[INSTRUCTIONS TO FOLLOW]
Lines before the one containing "this 1536×1728 image." are left out; copy that line and every later line through the end of the data exactly.

= = = = =

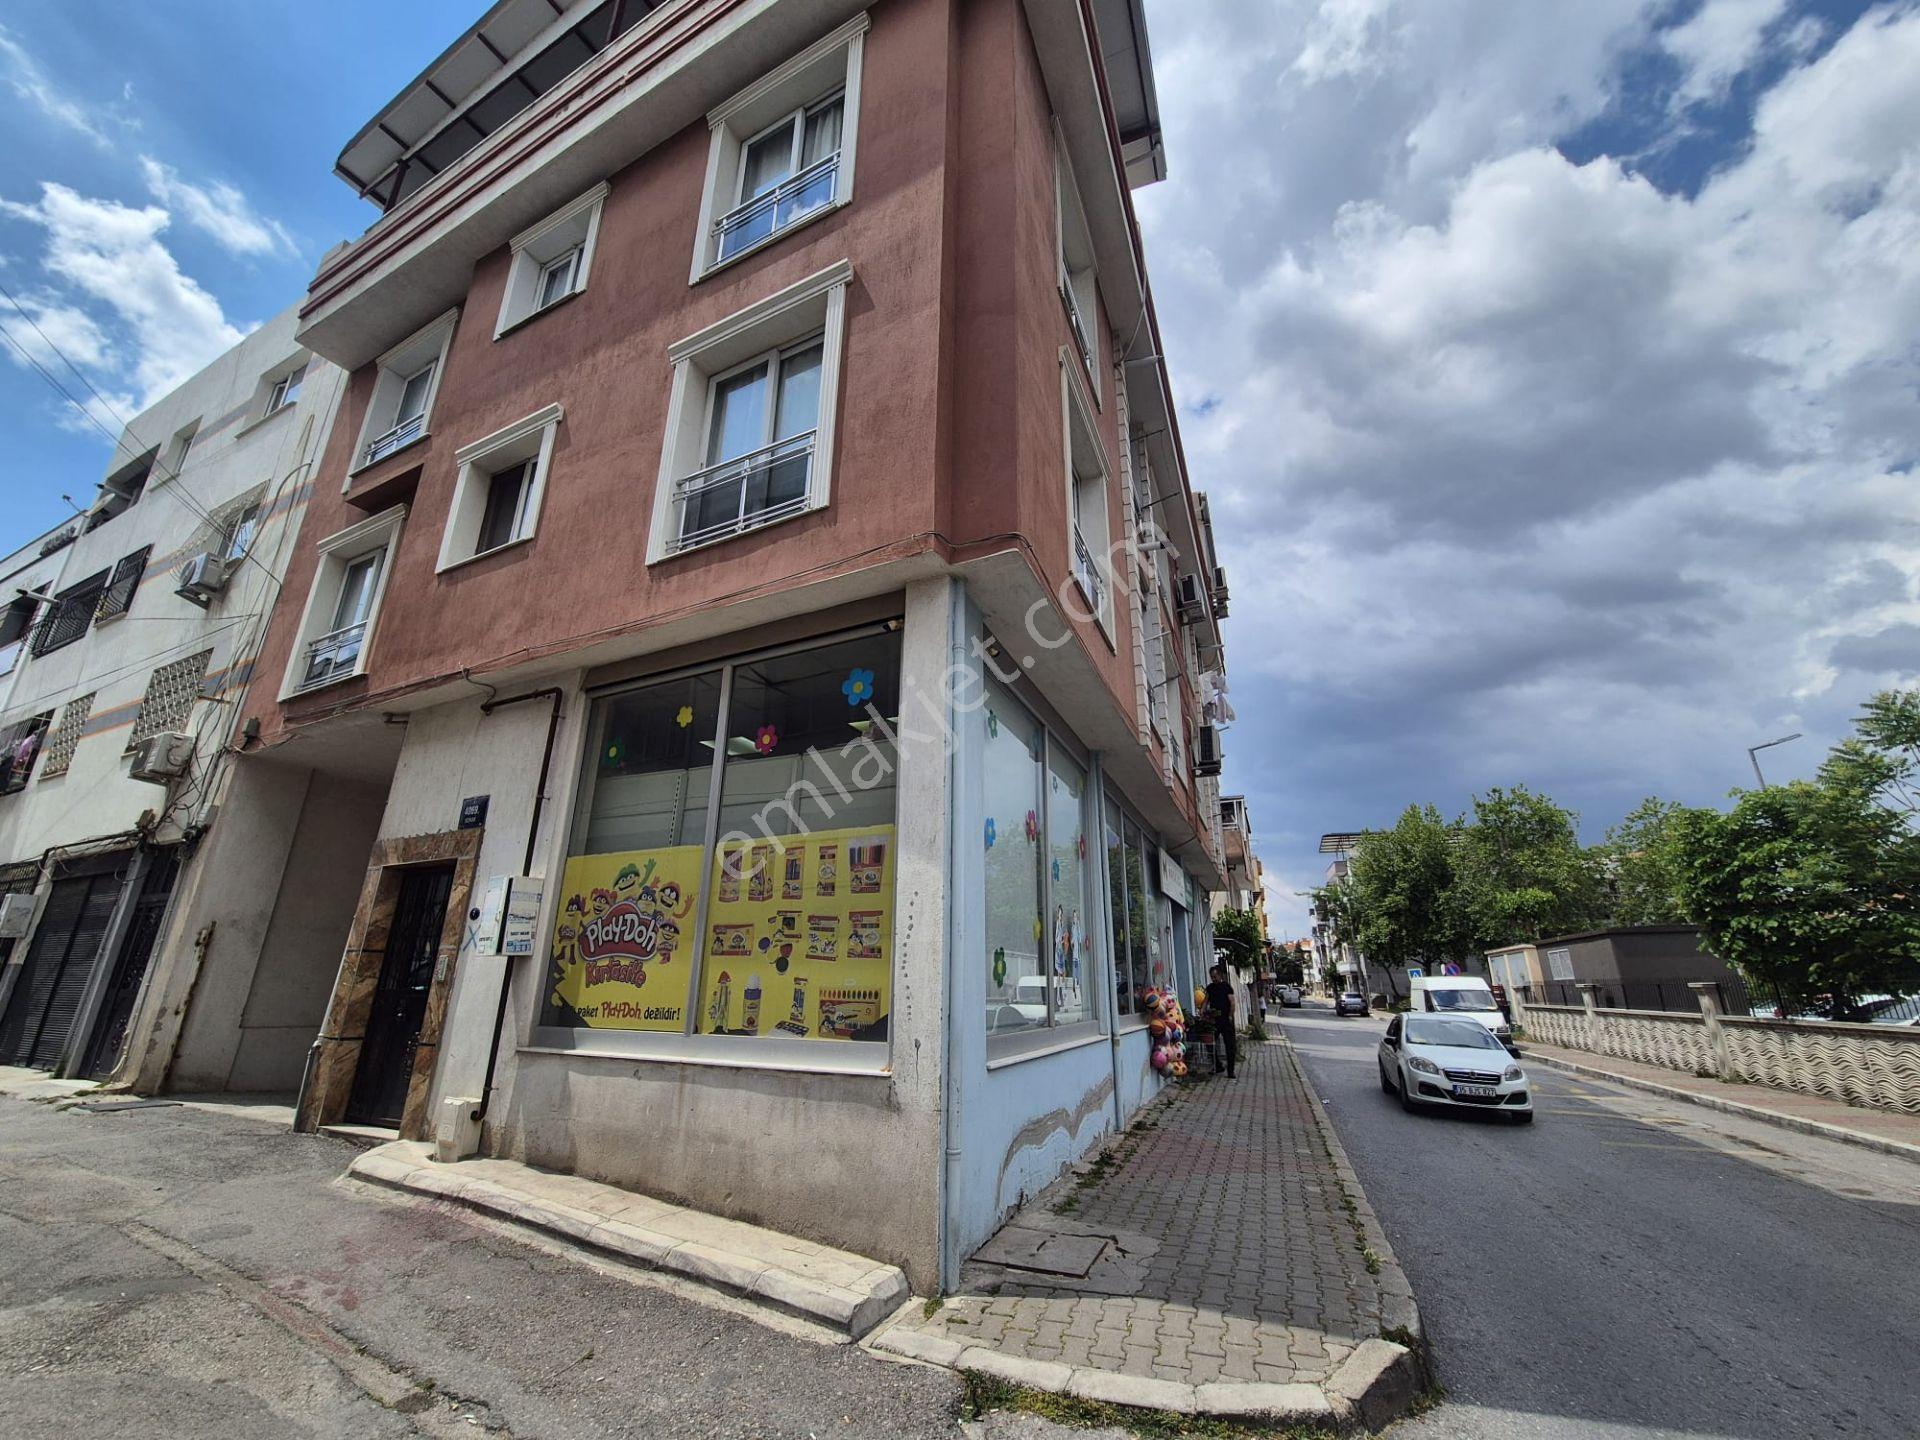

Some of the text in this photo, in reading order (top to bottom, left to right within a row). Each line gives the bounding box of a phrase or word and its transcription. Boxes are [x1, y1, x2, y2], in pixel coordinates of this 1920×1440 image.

[585, 913, 657, 953] Play-Doh
[577, 1005, 600, 1018] paket
[600, 1001, 642, 1020] Play-Doh
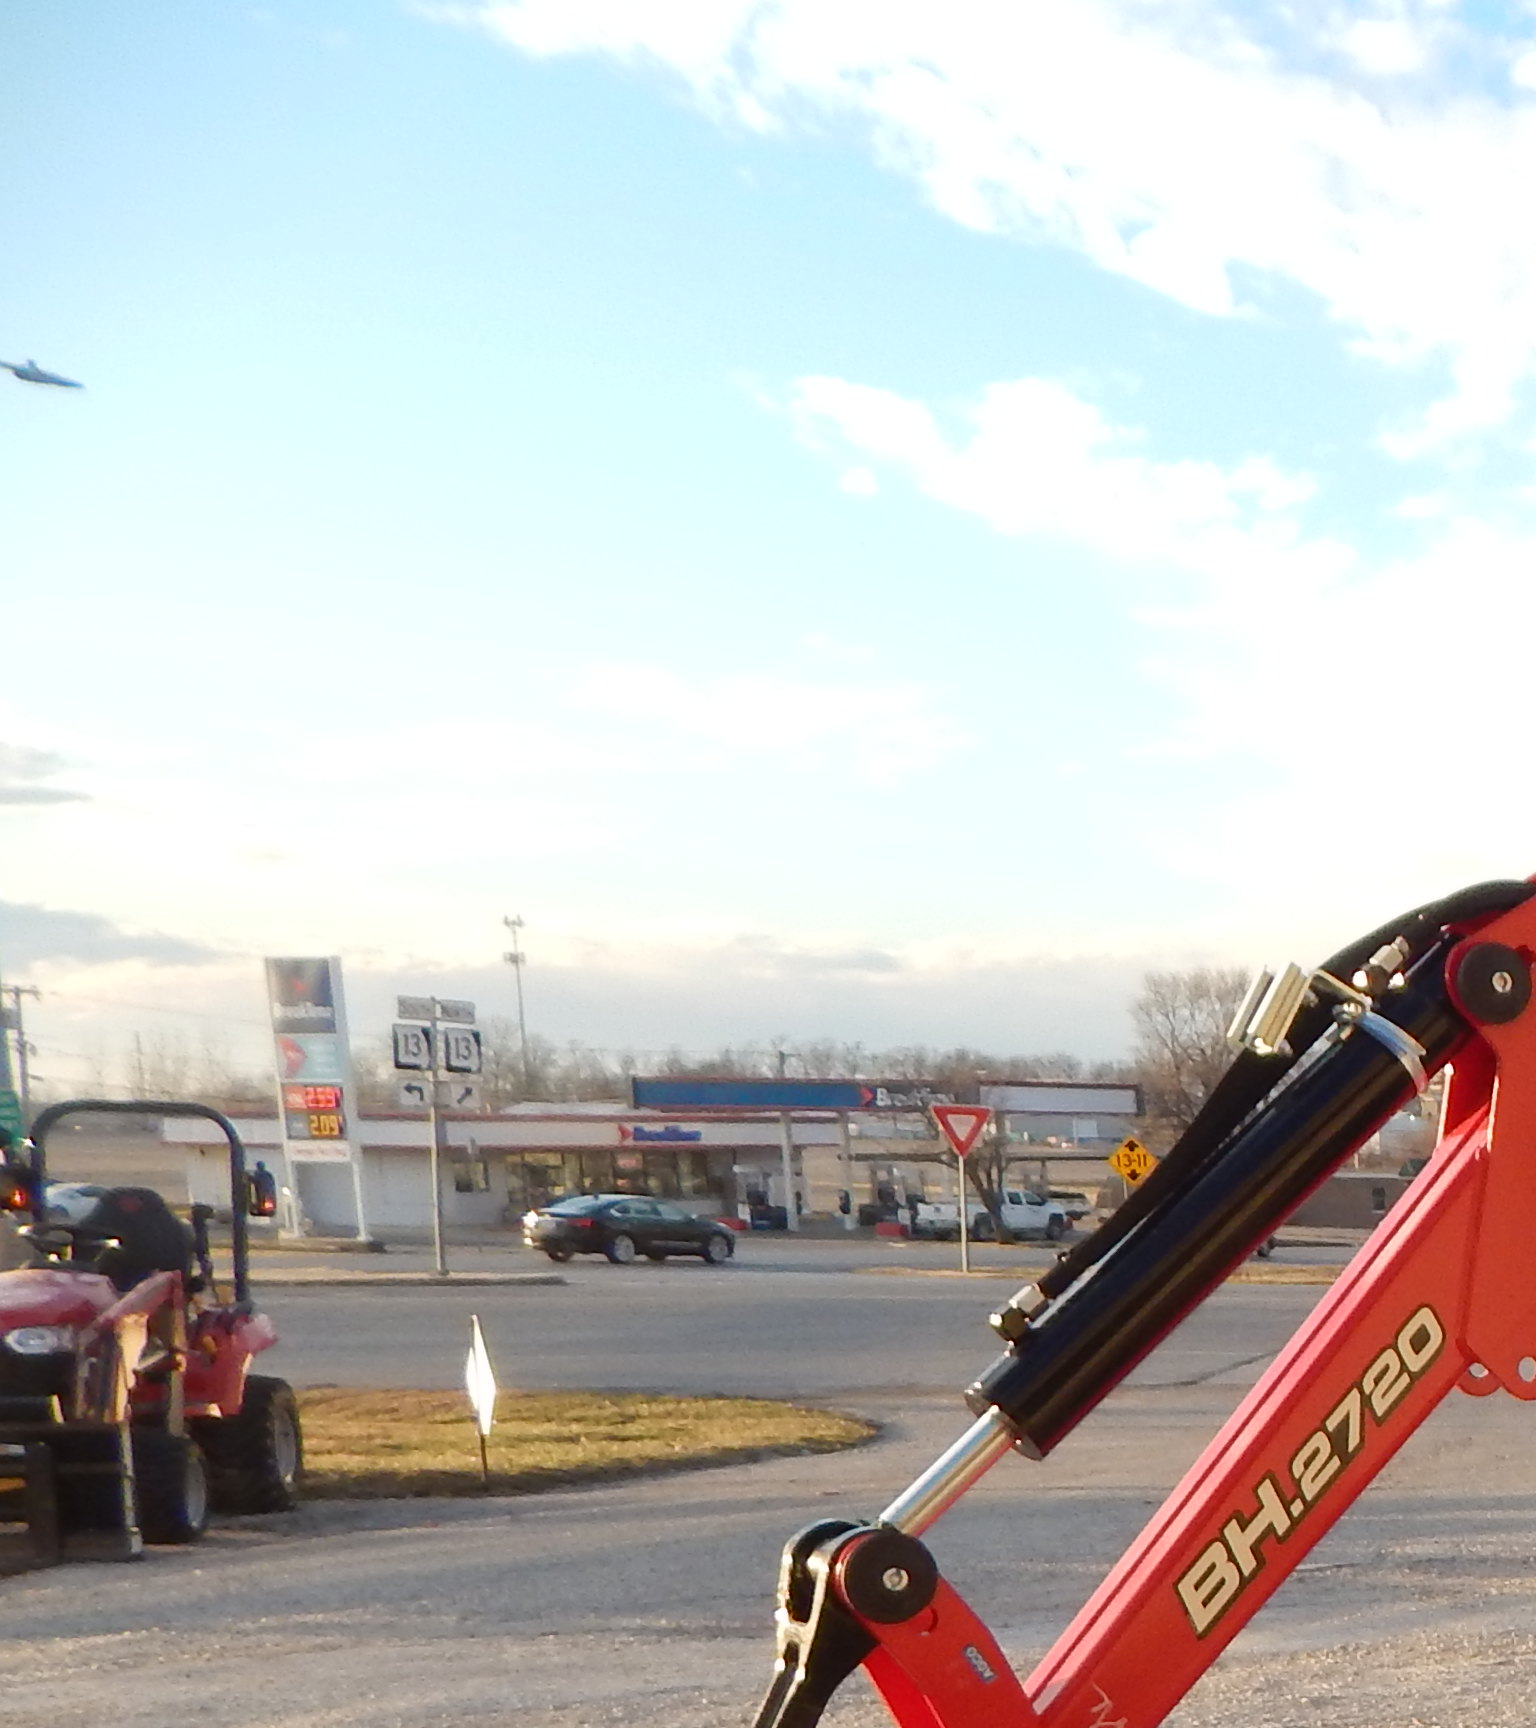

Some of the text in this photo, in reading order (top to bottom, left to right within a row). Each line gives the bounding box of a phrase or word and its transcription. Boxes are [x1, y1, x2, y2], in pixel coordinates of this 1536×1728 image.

[403, 1033, 422, 1057] 13
[454, 1036, 472, 1061] 13
[1116, 1153, 1147, 1168] 13-11
[1174, 1303, 1445, 1639] BH.2720

= = = = =

[OUTPUT FOR THIS EXERCISE]
Some of the text in this photo, in reading order (top to bottom, left to right within a row). Each line gives the bounding box of a phrase or word and its transcription. Boxes are [x1, y1, x2, y2], in pixel coordinates of this 1536×1728 image.

[403, 1033, 422, 1057] 13
[454, 1036, 472, 1061] 13
[1116, 1153, 1147, 1168] 13-11
[1174, 1303, 1445, 1639] BH.2720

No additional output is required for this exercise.